Wednesday, November 14, 2012

Forgiving the Murderer? I Can't Forgive Joyce Meyer

Billy Hallowell reports on a reality TV series in which people say they forgive those who did horrible things to them and their families:

http://www.theblaze.com/stories/would-you-forgive-a-man-who-violently-murdered-your-loved-one-this-woman-did-see-the-incredible-story/

I think the comments on this article reflect an increasing level of confusion about what forgiveness means. I think much of the confusion would be avoided if we'd stick to the distinction some preacher to whom I used to listen used to make, between the Christian concept of forgiveness that begins when an offender sincerely repents of his or her sins, the secular concept of pardon that can be offered whenever we feel sorry for the offender, and the psychological concept of releasing our emotional attachment to anger at the offender. To me these are three completely different things.

Would I forgive the person who murdered my loved one? That would be my first and dearest cat friend, Magic, the real founder of the Cat Sanctuary. I'm fond of animals generally, but most cats don't have the kind of relationships with humans or with other cats that Magic had; what I felt for that cat was closer to what I feel for The Nephews than to what I feel for ordinary cats. Magic was murdered in cold blood by an evildoer from whom she was trying to protect me. The evildoer also tried to cast suspicion on a better man. I loathe him; I think the world would be a better place without him. Would I forgive him? Of course I would...if and whenever he confessed his sin, made serious attempts toward restitution, and begged me (and the better man) to forgive him. I don't expect any of those things to happen in this lifetime.

I've not dedicated my life to revenge. The evildoer was of course sick; he was hospitalized that summer, spent most of the year in the hospital, and hasn't been well since. I'm not going to lie to you, Gentle Readers. I think he's deserved every minute of it. If anybody deserves a slow painful decline, he does. But I don't go around wrapping myself in angry feelings, clutching my grievance to my bosom, telling myself that revenge is my sacred duty--as some of Jesus's audience believed, and some people in the Middle East still believe. I will probably never have the opportunity to forgive this evildoer. What I do have the opportunity to practice, where he's been concerned, is release.

Forgiveness, as I use the word, means that the offense is completely expunged from the record; the offender is completely restored to whatever kind of fellowship he or she formerly had with the person or people offended. The offender is no longer considered to be a murderer, or traitor or thief or whatever he was, because he has changed his ways and become a new man. Only some of the world's religions teach that this is possible, much less that the possibility always needs to be kept in mind, but Christianity is one of the religions that does.

Release is what happens when we know very well that the offender is still a danger to society, and we think he or she needs to be locked up or neutralized in some other way, but we choose (consciously or unconsciously) to move on in life and experience other things besides anger, hate, and vengeance.

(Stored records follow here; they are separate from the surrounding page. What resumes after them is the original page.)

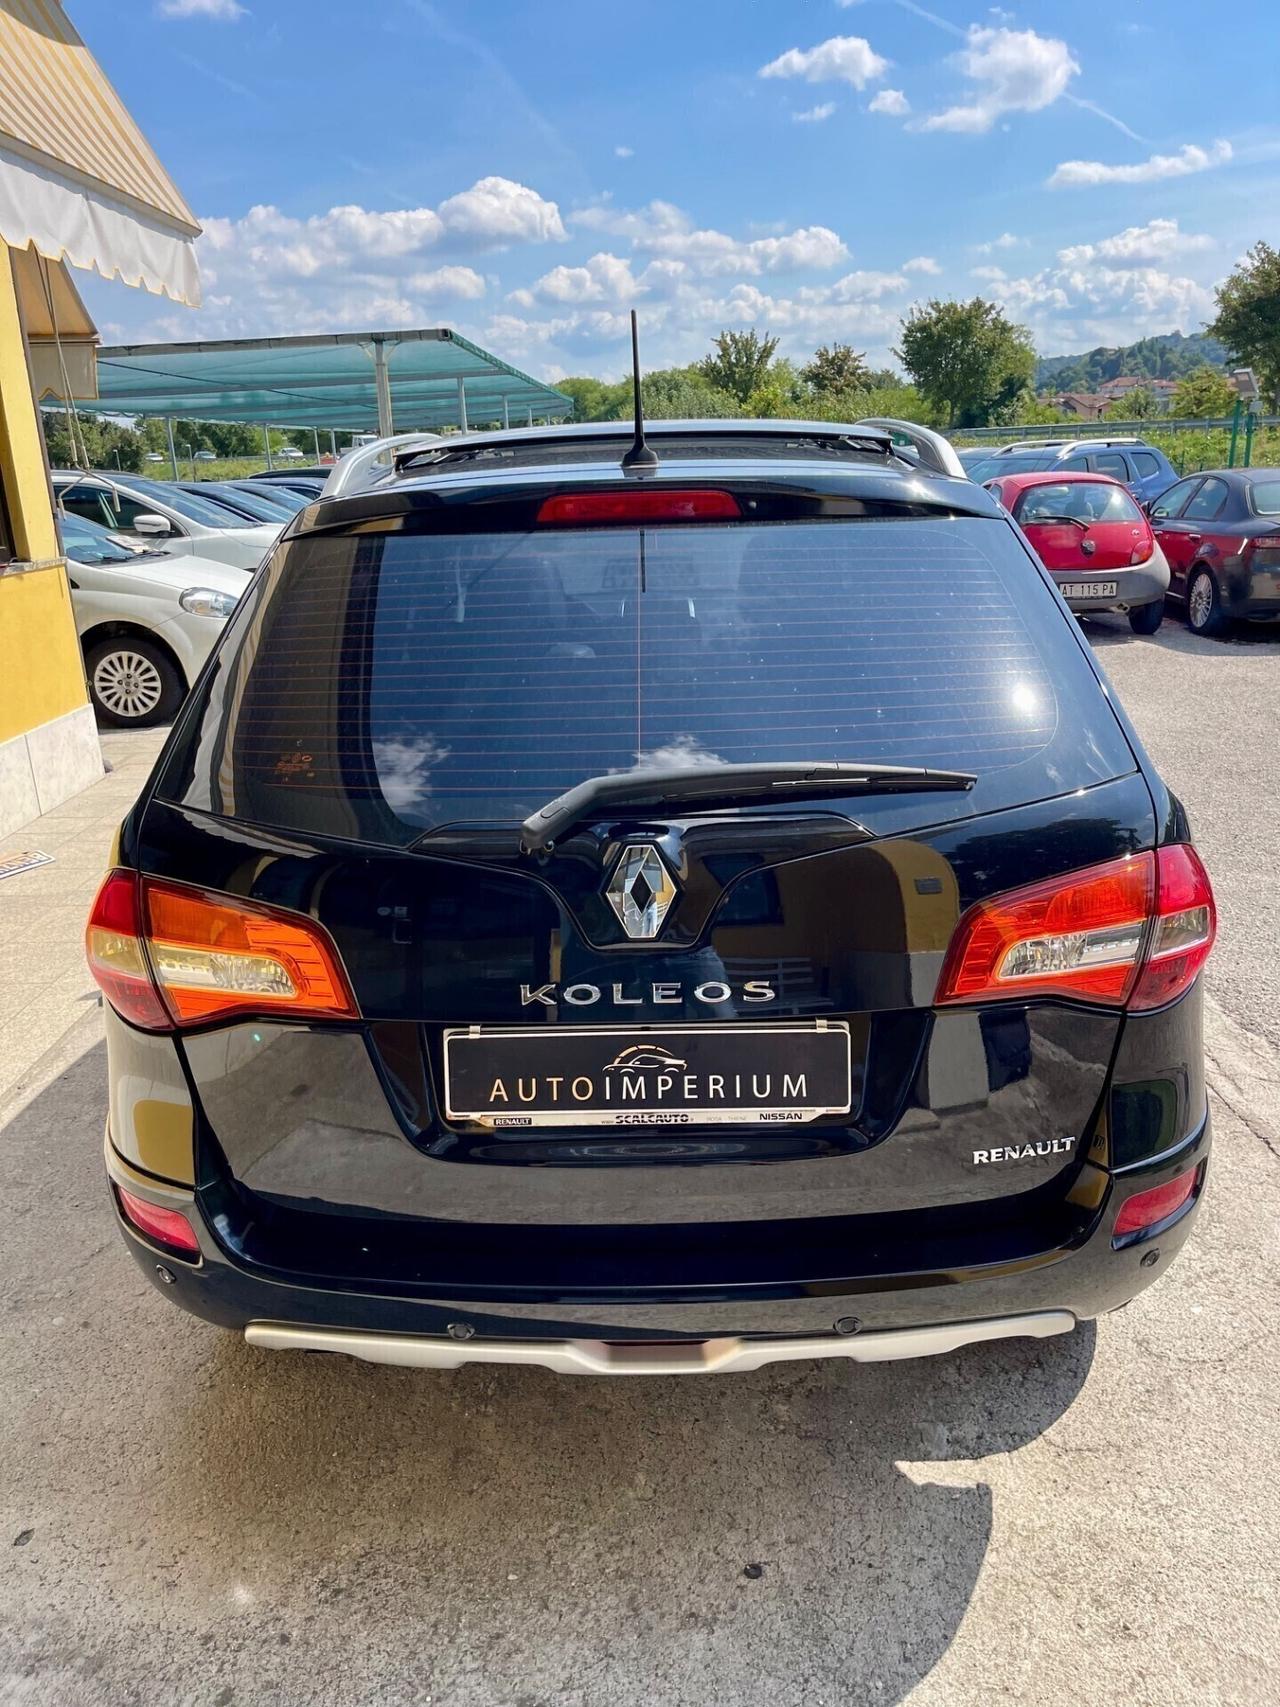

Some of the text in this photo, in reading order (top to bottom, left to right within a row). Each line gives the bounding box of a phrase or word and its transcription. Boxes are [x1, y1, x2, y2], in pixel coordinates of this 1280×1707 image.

[1062, 584, 1115, 596] AT 115 PA
[519, 980, 776, 1006] KOLEOS
[489, 1073, 808, 1103] AUTOIMPERIUM
[495, 1118, 530, 1126] RENAULT
[759, 1113, 803, 1121] NISSAN
[972, 1136, 1076, 1165] RENAULT

Then there's pardon. Suppose that, instead of being deliberately shot, Magic had been accidentally run over by the evildoer's fifteen-year-old the first time the fifteen-year-old was allowed to drive a car. I would have missed the cat just as much, but what good would it have done to take out my emotional feelings on the fifteen-year-old, who would no doubt have been sorry and would obviously have been trying very hard to become a better driver. That is the kind of situation that calls for pardon.

Most of the pardons we grant are routine pardons for trivial offenses--stepping on our toes, saying insensitive things, making mistakes. Few of us have the opportunity to pardon murderers. Some people who have done that have found that it helped everyone involved...but I'd bet that the skeptical (as distinct from trollish) comments on Billy Hallowell's article are coming from people who've been tricked into granting pardon to an offender who wasn't really sorry he'd stolen but was sorry he'd been sent to jail.

I think some of the really nasty trollish comments may be coming from people who've been misled by preachers who blur over the distinctions among these three things and urge everybody to "forgive" everybody for everything. This is not realistic, it is not good for society, and it is definitely not what Jesus taught.

Joyce Meyer is just one source of the pious confusion about "forgiveness," so in some ways it's unfair for me to say this, but it's true: I can't forgive Joyce Meyer. I have no emotional feelings of anger or ill will toward Joyce Meyer. I still read her books, and have still been known to recommend them to other people. But it's not possible for me to forgive her for being confused, and confusing others, about the meaning of Christian forgiveness--not because her confusion has done me any particular harm--but because she's not made Christian forgiveness possible by repenting of what she's done.